Well, Rory, he’s a strange little guy. He’d always walk around, and he had this suede coat, a long suede jacket, and he had white socks and penny loafers, and he was real straight-looking and kind of strange. His eyes were a little off-kilter. He always looked like one of his eyes was looking off in some far direction. He was probably crazy also. We all were. He had this thing about the teddy bears: Him and his brothers had been doing storybooks initially about these toys they had when they were kids. There was teddy bears and there was an old lady rag doll named Granny, I think they named her Granny Crackbaggy. They did all these stories about them, and then they did 8-millimeter movies using the actual rag dolls. But then Rory, who was also interested in EC Comics, came up with this crazy thing of doing a horror comic starring teddy bears, which was Bogeyman #1, in that strange, primitive style of his.
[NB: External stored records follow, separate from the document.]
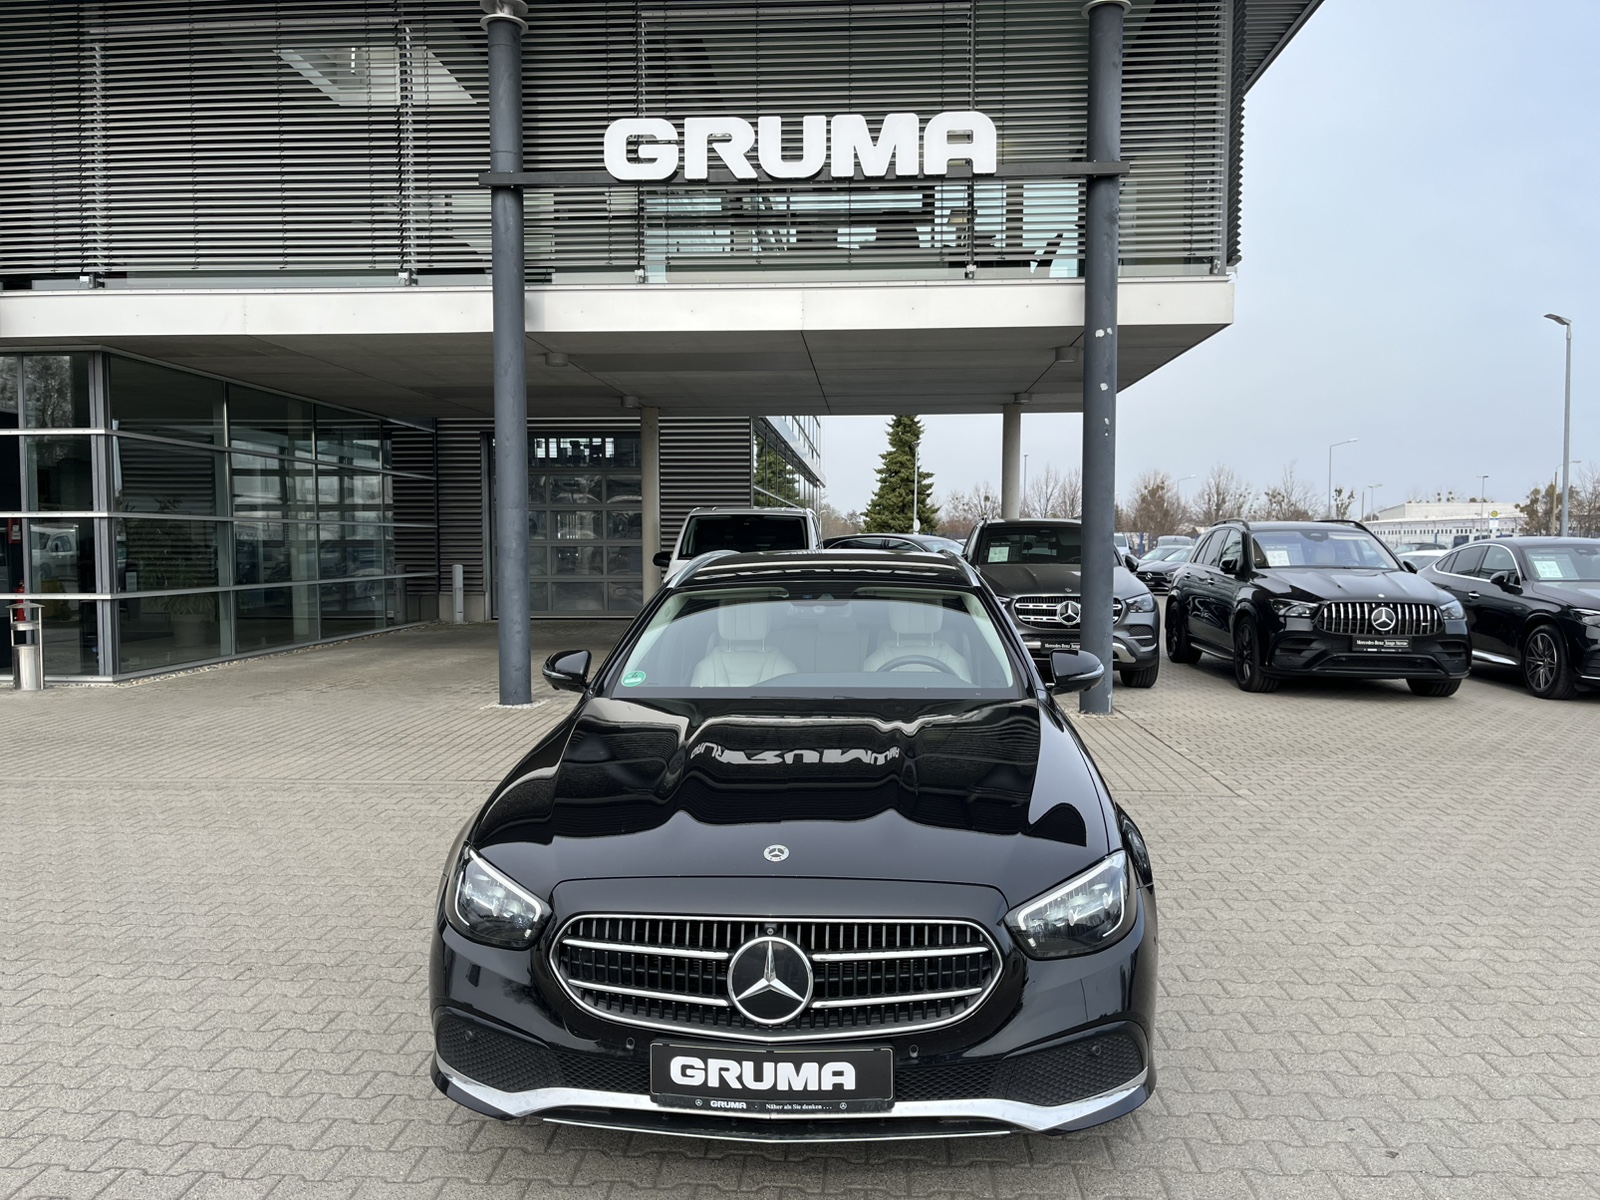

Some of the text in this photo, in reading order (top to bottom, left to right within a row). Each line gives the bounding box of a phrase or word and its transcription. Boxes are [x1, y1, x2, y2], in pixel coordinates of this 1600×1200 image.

[603, 111, 997, 181] GRUMA
[670, 1056, 856, 1091] GRUMA
[710, 1100, 747, 1109] GRUMA
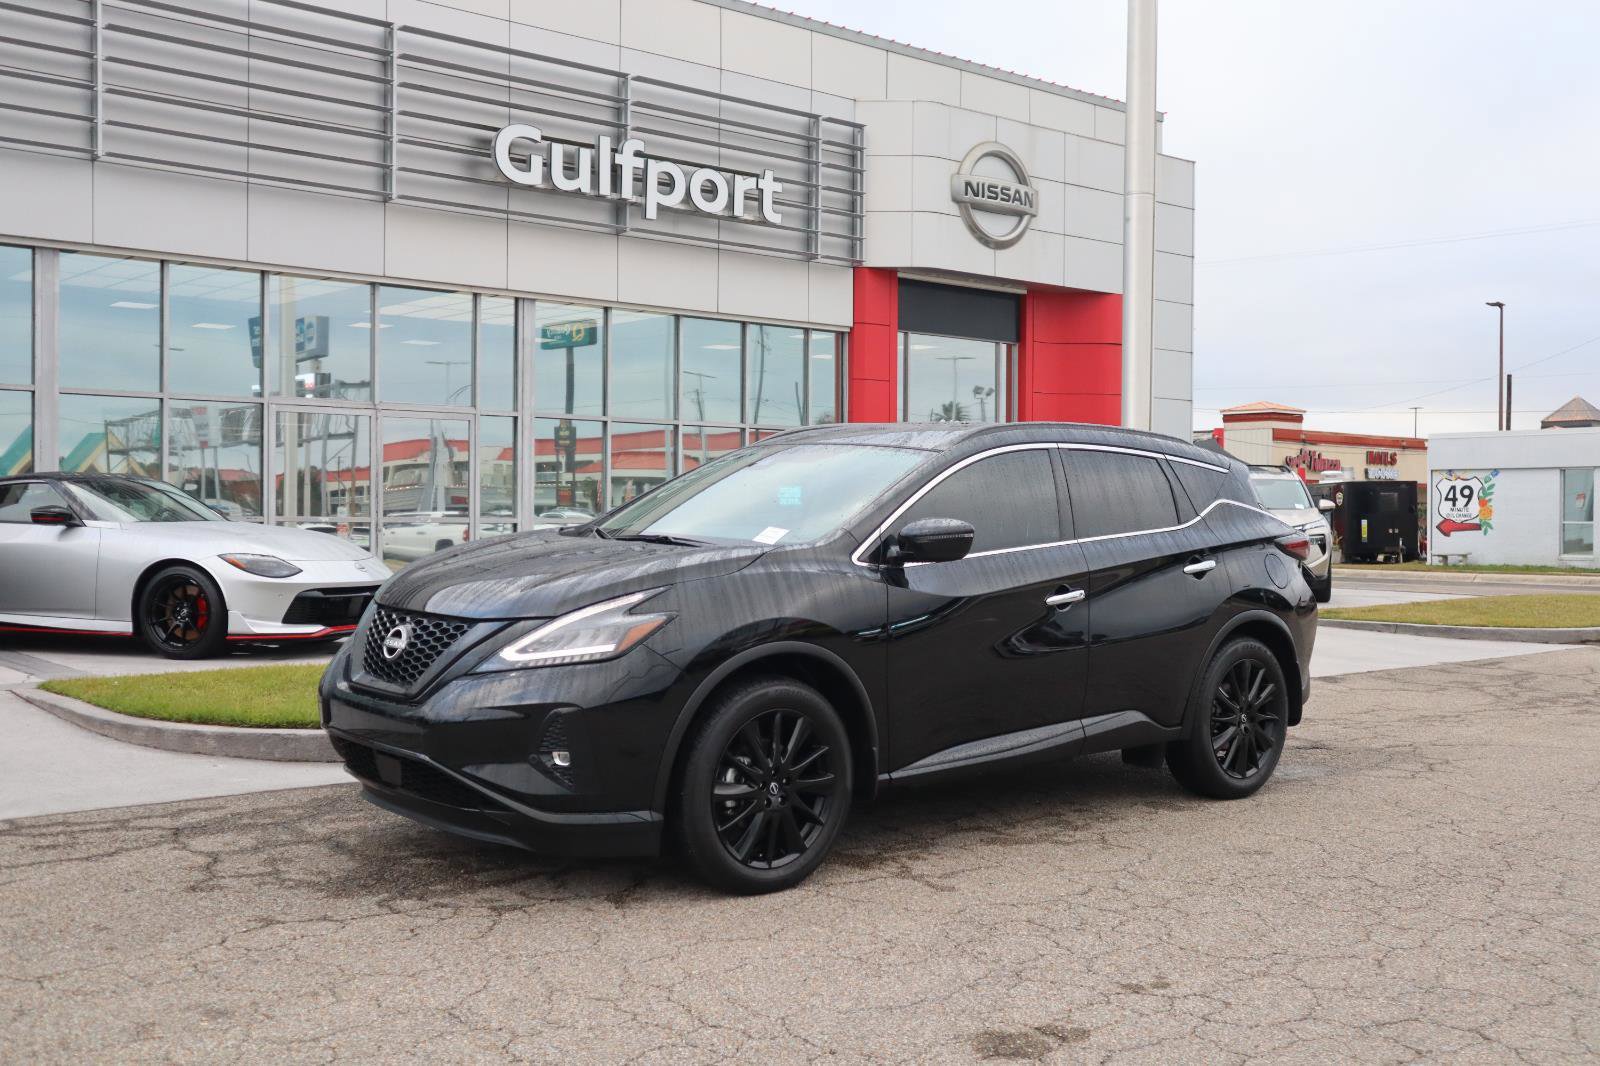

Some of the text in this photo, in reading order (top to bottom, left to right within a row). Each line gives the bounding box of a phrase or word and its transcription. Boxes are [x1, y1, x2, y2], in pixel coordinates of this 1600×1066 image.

[493, 124, 783, 224] Gulfport
[964, 180, 1034, 208] NISSAN
[1366, 451, 1398, 466] NAILS
[1444, 485, 1474, 507] 49
You say you worked on Bogeyman. What did you do?
I remember, I did one about drugs. I did one about a mass murderer. I was into these weird comics and shit, you know? And in California at that time, the Charles Manson trial was kicking up, so the newspapers were like some kind of crime comics, you know — it wasn’t like real news. It was like the San Francisco Chronicle turned into the Enquirer or something. They had all these stories about devil cults and this and that.
Not good PR for hippies.
No, it wasn’t. I came up with the idea to do Thrilling Murder Comics.
You edited that comic, right?
Yeah, right, I edited it. I should’ve had a story in it, but me and Gary got into a terrible car accident, and I was in traction, so I had Bill Griffith do the story I should’ve done. I did the front cover and the back cover, and I put it together, and I came up with a gimmick: Blood-o-rama. Anytime that somebody got cut, it had the red color, so it had this special effect.
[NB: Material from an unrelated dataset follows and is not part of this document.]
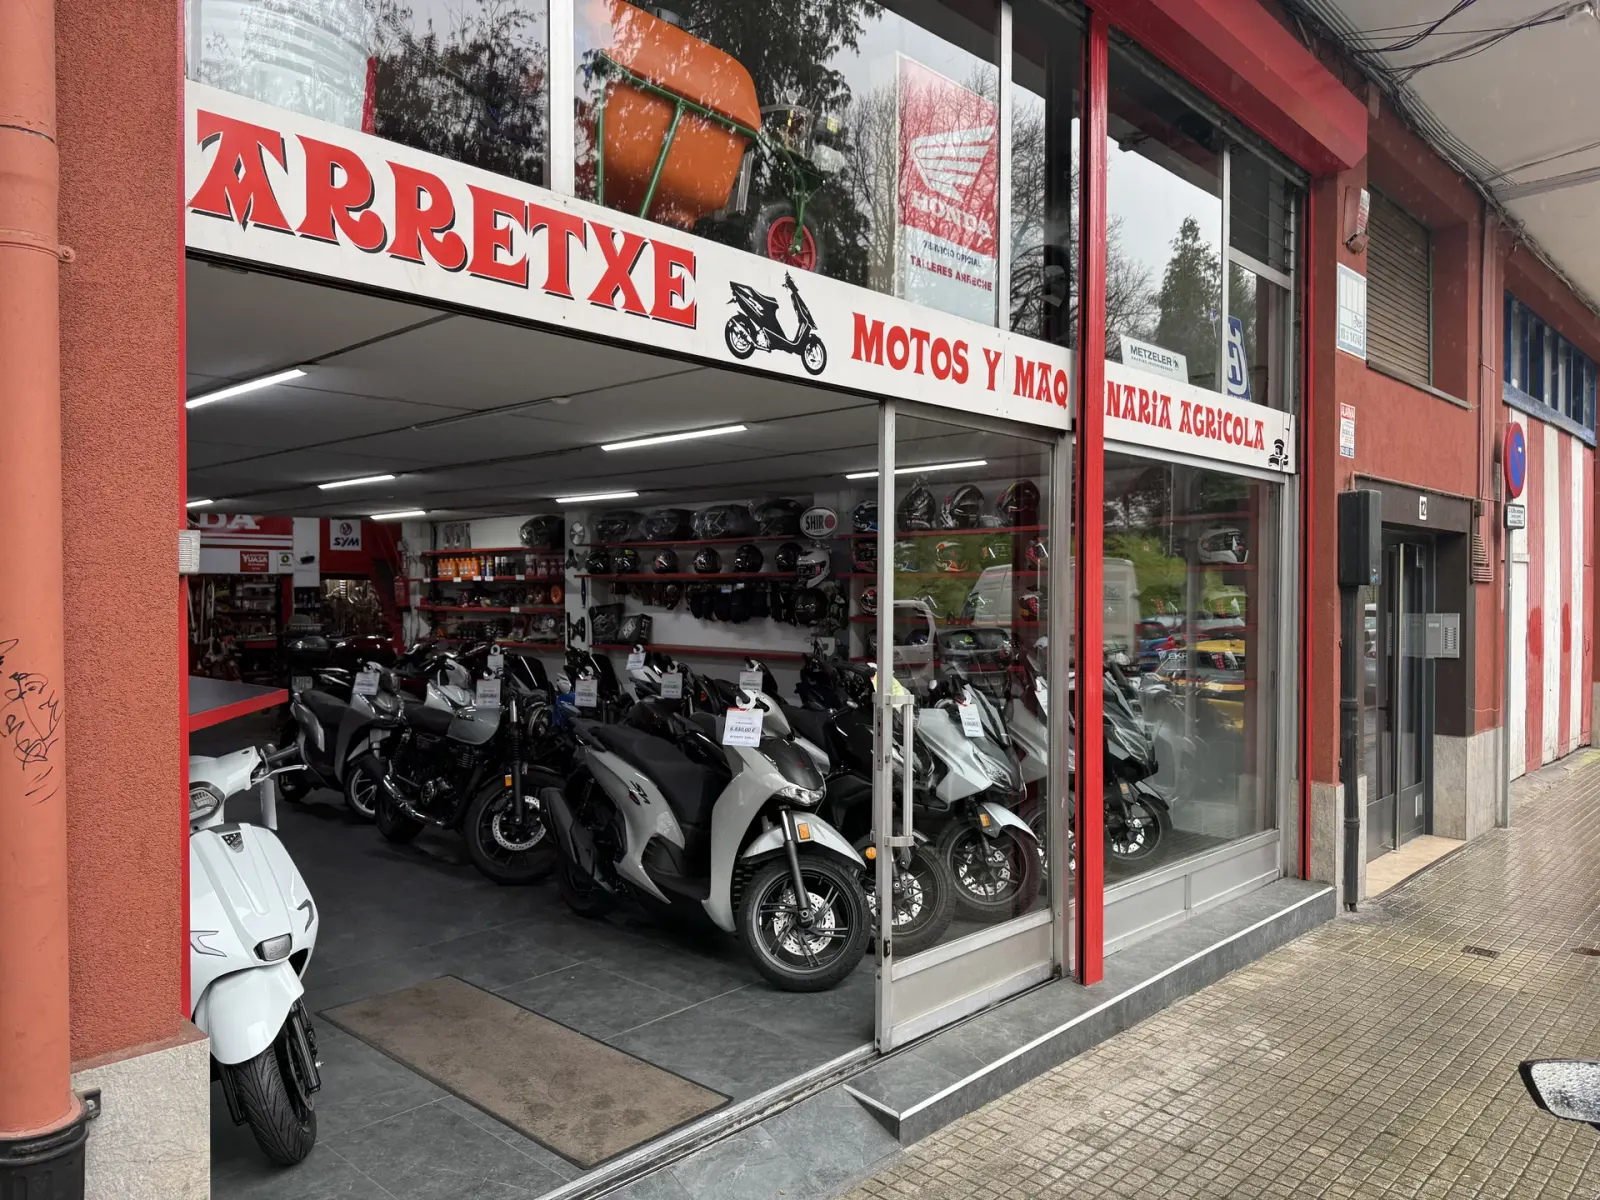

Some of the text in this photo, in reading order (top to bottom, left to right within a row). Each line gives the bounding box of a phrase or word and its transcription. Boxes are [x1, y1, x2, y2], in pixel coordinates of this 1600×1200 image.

And apparently you got your younger brother in a lot of trouble by sending a copy to him.
Yeah, apparently, I did. Well, I was proud of it. I guess. I sent him a copy, and my mother sent it back. She apparently got it before he did, and she opened it and looked at it, and said, “I don’t want you sending him these terrible books.” This was right back to the ’50s with horror comics. “Bad enough that you were doing these things —”
Did you feel socially comfortable in the underground-comics scene in San Francisco?
I had a good time. It was like this: I had a good time being an underground cartoonist, and I spent more time being an “underground cartoonist” than I did actually drawing underground comics.
Why was that? Why didn’t that spur you to be more productive?
Well, for one reason or another — I wasn’t doing drugs or nothing — but boy, when I got to San Francisco, it was like a real toddlin’ town, you know. It was like everything sold liquor. Here in New York, we don’t do that. There’s a liquor store where you can buy liquor, but boy, you walk into a supermarket out there, they had a liquor aisle!
And you therefore found liquor irresistible?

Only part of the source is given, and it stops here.